Ce n'est pas la première fois que l'usage de cette expression par Macron est relevée dans les médias. Dans le documentaire Emmanuel Macron, les coulisses d'une victoire, chronique flatteuse de sa campagne de 2017 diffusées sur TF1 (son réalisateur n'avait pas pu venir sur notre plateau), le futur président employait déjà "les enfants" à tout bout de champ, cette-fois ci pour parler à ses proches conseillers. "Il est comme ça, Emmanuel Macron : meneur d'hommes et quasi paternel avec ses collaborateurs, ses «enfants», comme il le répète dans le documentaire", fait par exemple remarquer le Parisien, comme bien d'autres médias

différence entre le mépris et le racisme

Sur le plateau de notre émission, ces précédents ne sont pas évoqués. "Le comportement n'est pas spécifique à une minorité mais peut-être une forme de condescendance naturelle, réagit dans notre messagerie le spectateur mécontent. Il me semble que la différence est nécessaire entre le mépris et le racisme." Cette question d'un comportement spécifique ou non aux Outre-mer, on la retrouve d'ailleurs aussi dans l'interview du ministre Lecornu, celui-ci étant réputé pour ses accès de brutalité, Outre-mer ou non, y compris dans ce récent portrait du Monde. Dans tous les cas, ces précédents connus auraient pu, et dû, faire l'objet d'un rappel en plateau, afin que les asinautes puissent jauger au mieux la situation. "Vous noterez que tout part de ce point.

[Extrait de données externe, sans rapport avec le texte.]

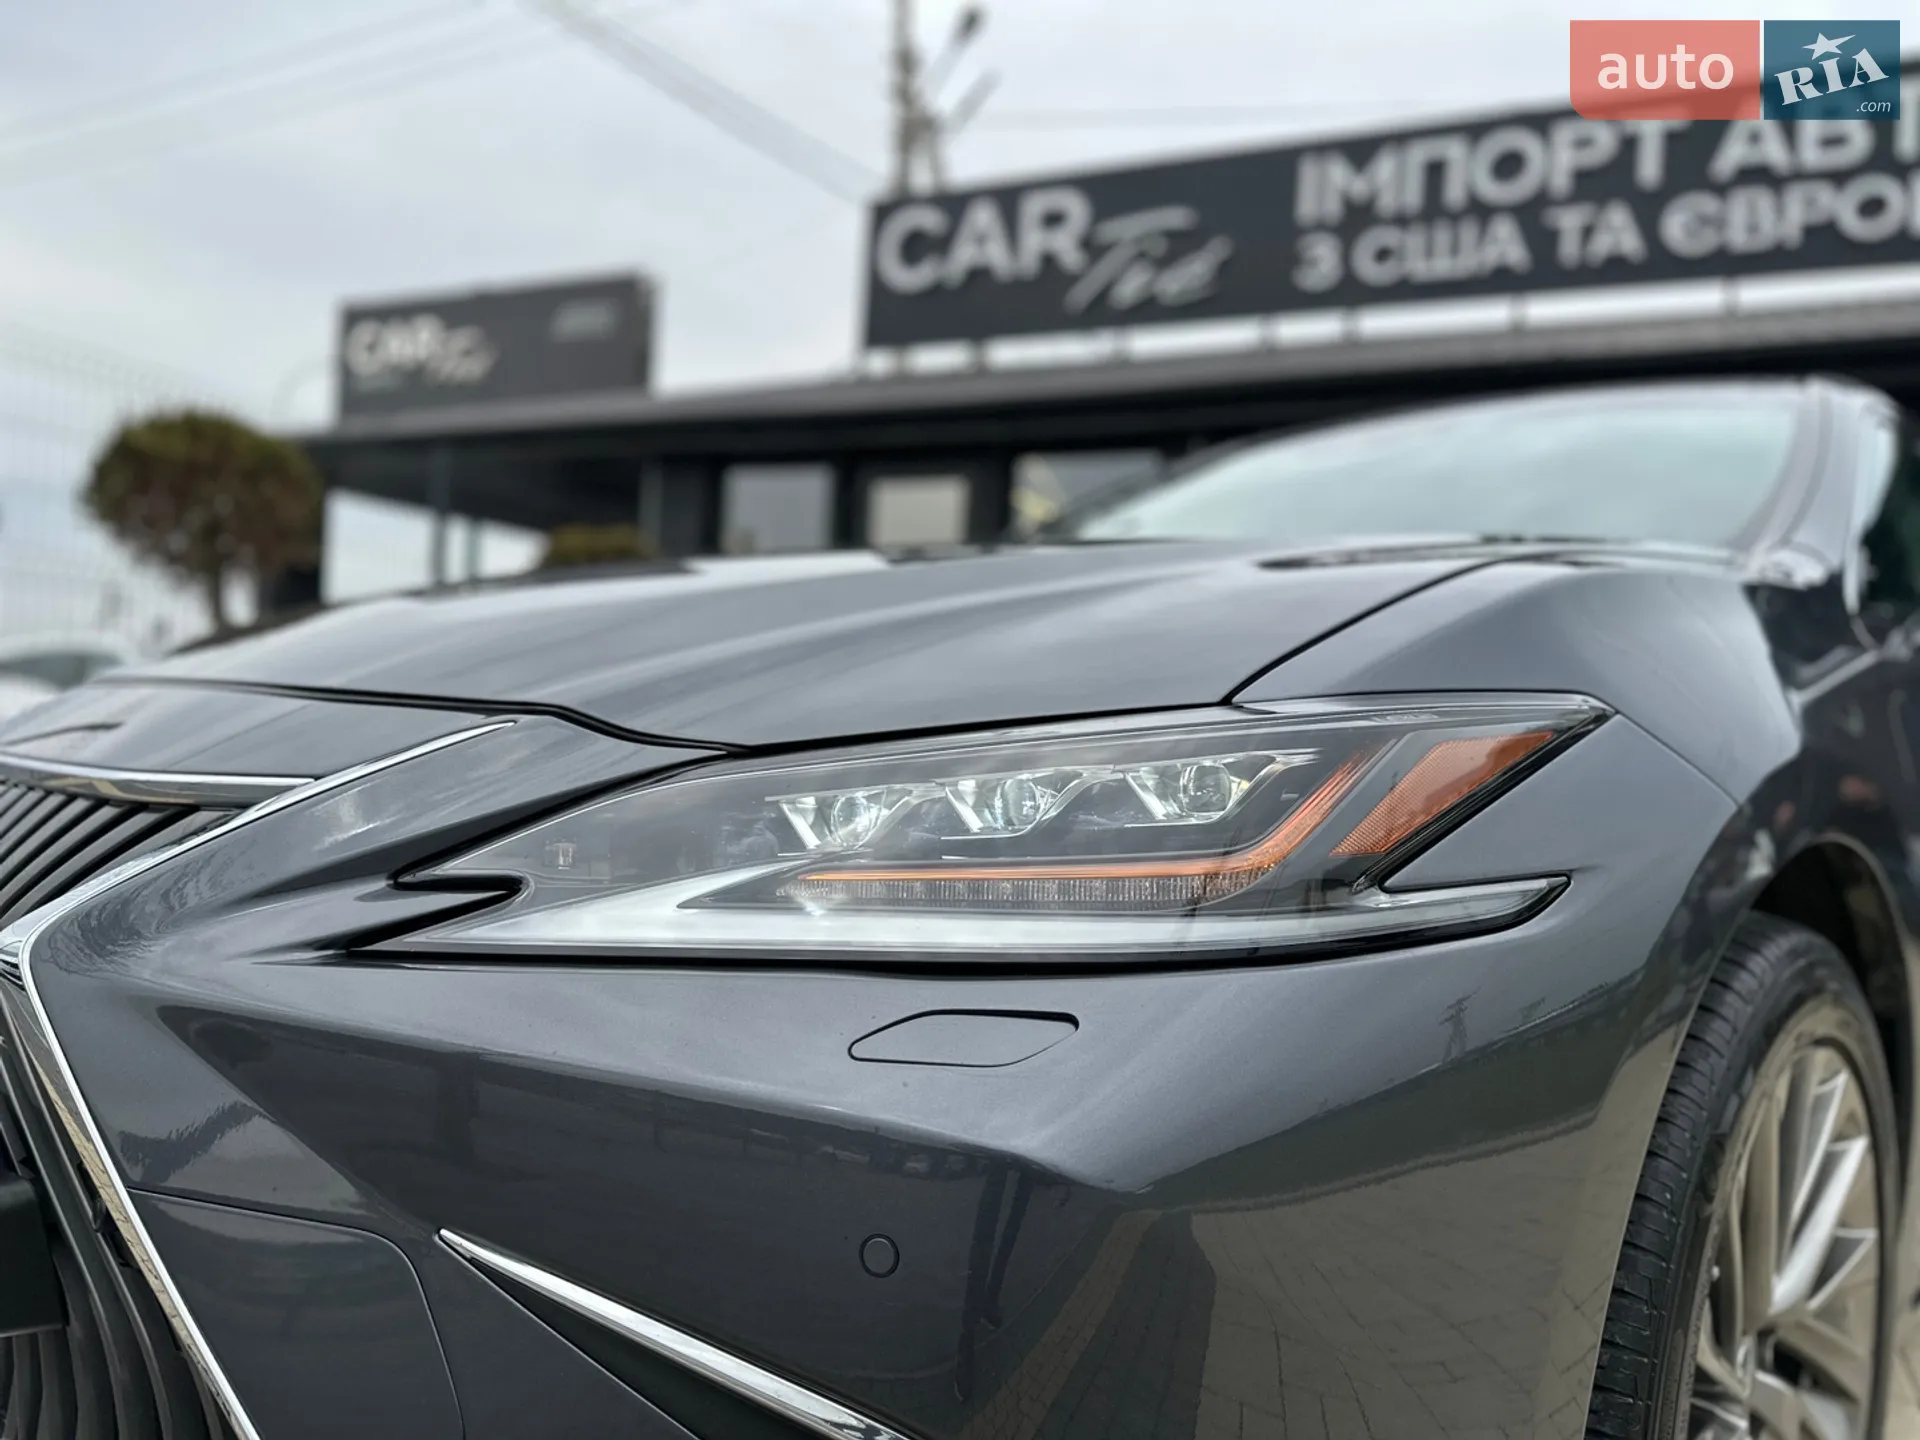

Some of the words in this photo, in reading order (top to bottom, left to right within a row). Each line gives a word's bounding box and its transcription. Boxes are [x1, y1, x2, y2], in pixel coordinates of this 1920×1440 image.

[1297, 104, 1694, 226] ІМПОРТ
[877, 184, 1092, 294] CAR
[1353, 212, 1533, 287] США
[1543, 202, 1647, 269] ТА

Sans cela, la séquence de votre émission n'a aucune pertinence. C'est sur ce point qu'ils réagissent, vos invités. C'est sur ce point que l'une d'entre elles dit qu'il faut quitter la salle", analyse notre spectateur.

Préparatrice autant qu'animatrice de l'émission, notre journaliste Nassira El Moaddem reconnaît qu'elle aurait effectivement pu faire part de cet usage apparemment immodéré de "les enfants" par Macron. Mais elle défend par contre le choix et la pertinence de la séquence dans le cadre de cette émission. "Le caractère très fort est que c'était à l'Élysée, avec des élus assis et lui debout, il prend le micro, leur fait la leçon avec un côté professoral, fait-elle ainsi remarquer. Et il le fait avec des élus d'Outre-mer souvent négligés : tout ça donnait une tonalité beaucoup plus grave que ce seul petit mot méprisant. Il ne faut pas non plus oublier qu'à cette même réunion, il minimise, voire balaie d'un revers de la main la question de la toxicité du chlordécone, quelque chose de très grave vis-à-vis des populations guadeloupéenne et martiniquaise. Pour moi, c'est vraiment [une attitude] globale."